United Nations: A surge in births among Rohingya refugee women in Bangladesh is imminent and the fact that possibly thousands of the pregnancies resulted from rape makes the provision of proper medical care in the camps more difficult, according to a UN News portal report.

With the monsoon season fast approaching in Bangladesh, UN agencies and their partners are struggling to protect nearly 700,000 Rohingya refugees from disaster and disease, Xinhua news agency reported citing the portal report released on Friday.

While the imminent new births are already a great challenge to the world body, the wrenching legacy of sexual violence makes the job even harder.

The displaced population includes an estimated 40,000 pregnant women, UN officials estimate, many of whom are expected to give birth in coming weeks.

An unknown but significant share of these pregnancies, aid officials believe, resulted from rapes committed by members of the Myanmar army and allied militants.

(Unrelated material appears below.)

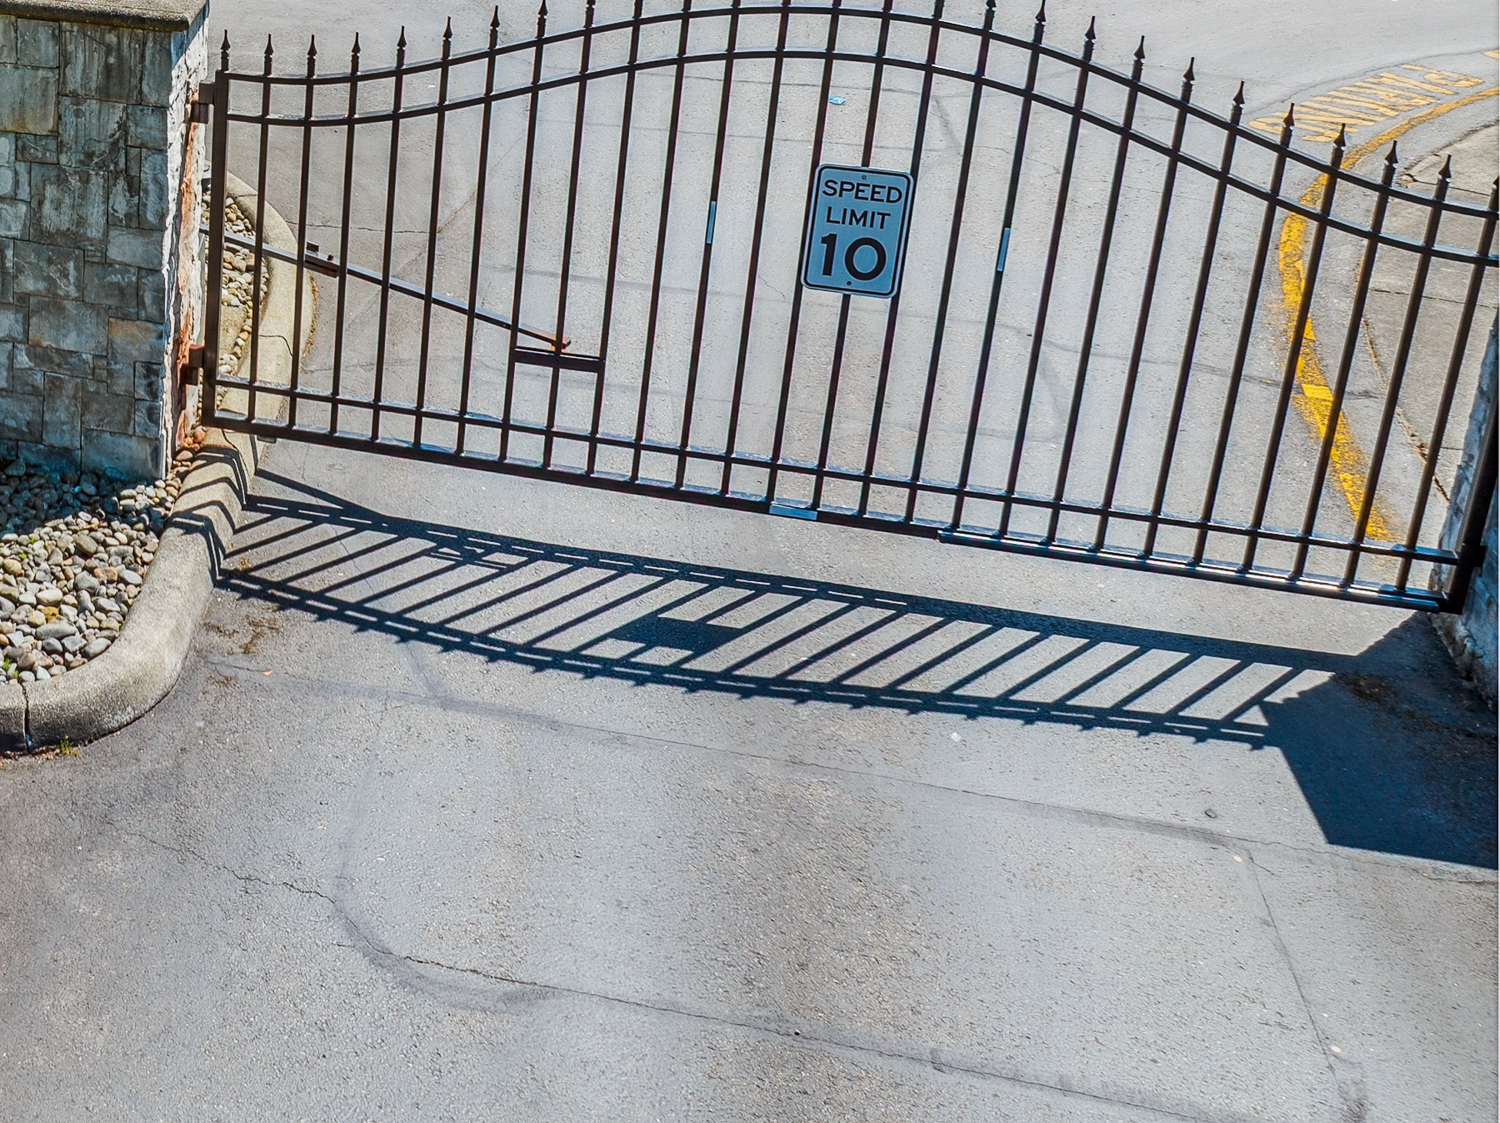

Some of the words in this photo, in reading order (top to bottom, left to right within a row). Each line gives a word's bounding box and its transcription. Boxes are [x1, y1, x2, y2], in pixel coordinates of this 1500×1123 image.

[1248, 63, 1485, 143] PARKING
[821, 179, 903, 204] SPEED
[825, 206, 892, 230] LIMIT
[820, 232, 887, 281] 10

Pregnancies resulting from “what we believe could have been a frenzy of sexual violence in August and September 2017 could come to term very soon”, Andrew Gilmour, UN Assistant Secretary-General for Human Rights, told UN News. “So, we are expecting a surge of births.”

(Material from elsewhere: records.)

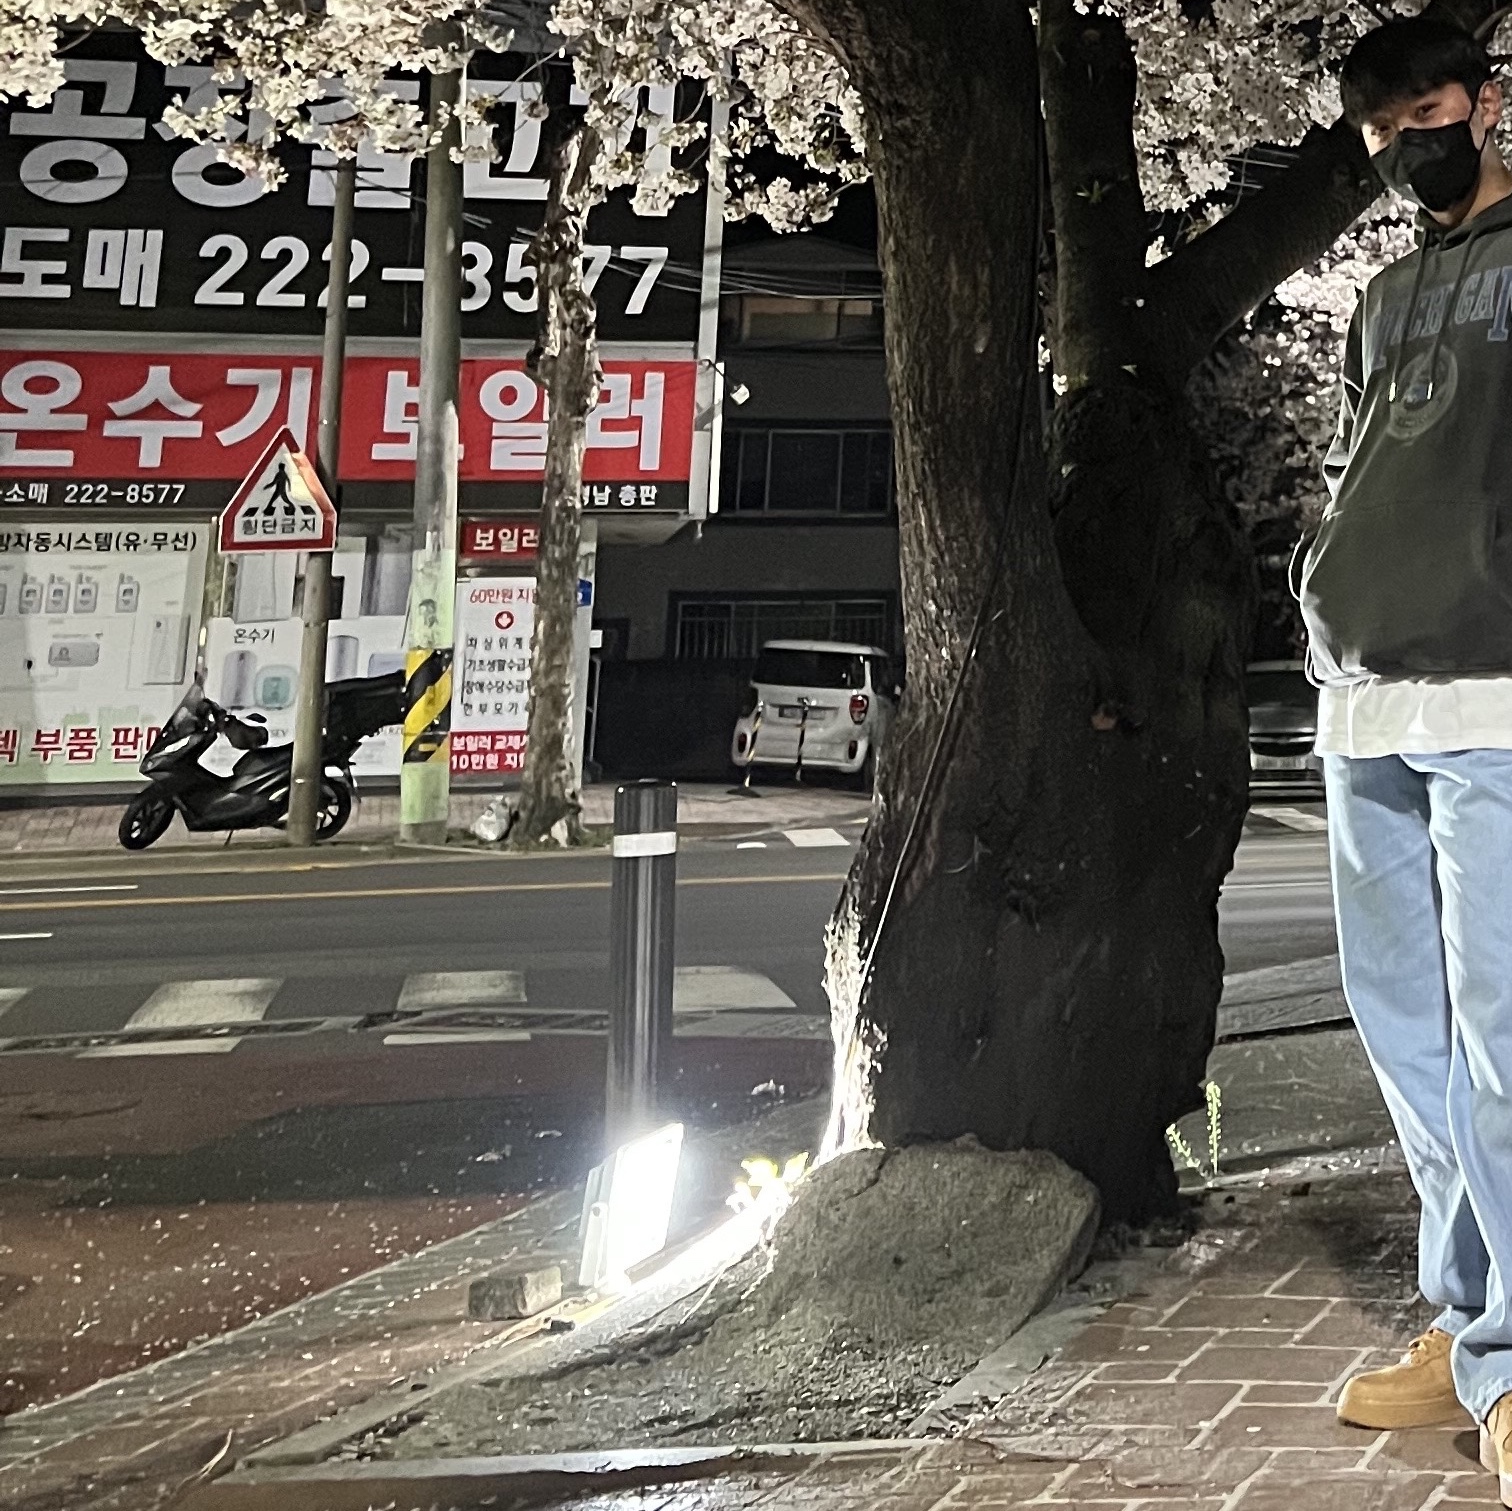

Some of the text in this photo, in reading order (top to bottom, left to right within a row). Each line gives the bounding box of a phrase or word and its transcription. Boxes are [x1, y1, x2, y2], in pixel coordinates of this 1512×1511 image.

[0, 226, 669, 315] 도매 222-8577
[0, 359, 313, 468] 온수기
[64, 483, 187, 504] 222-8577
[618, 484, 658, 507] 총판
[241, 518, 317, 535] 횡단금지
[233, 628, 276, 644] 온수기
[31, 726, 98, 762] 부품
[451, 735, 492, 752] 보일러
[451, 753, 499, 770] 10만원

In March, Gilmour travelled to Bangladesh’s Cox’s Bazar, where the refugees have settled in camps and make-shift clearings after escaping violence in Myanmar’s Rakhine.

Fearing stigma, sometimes feeling depressed or ashamed, pregnant refugee women are often reluctant to admit that they were raped, according to medical and aid workers.

Attacks by Rohingya activists on Myanmar security posts in Rakhine on August 25, 2017, prompted alleged massive retribution by Myanmar security forces and vigilante groups, forcing the mostly Muslim Rohingyas to flee to Bangladesh.

Sexual violence, as well as killings and the burning of villages, were reported.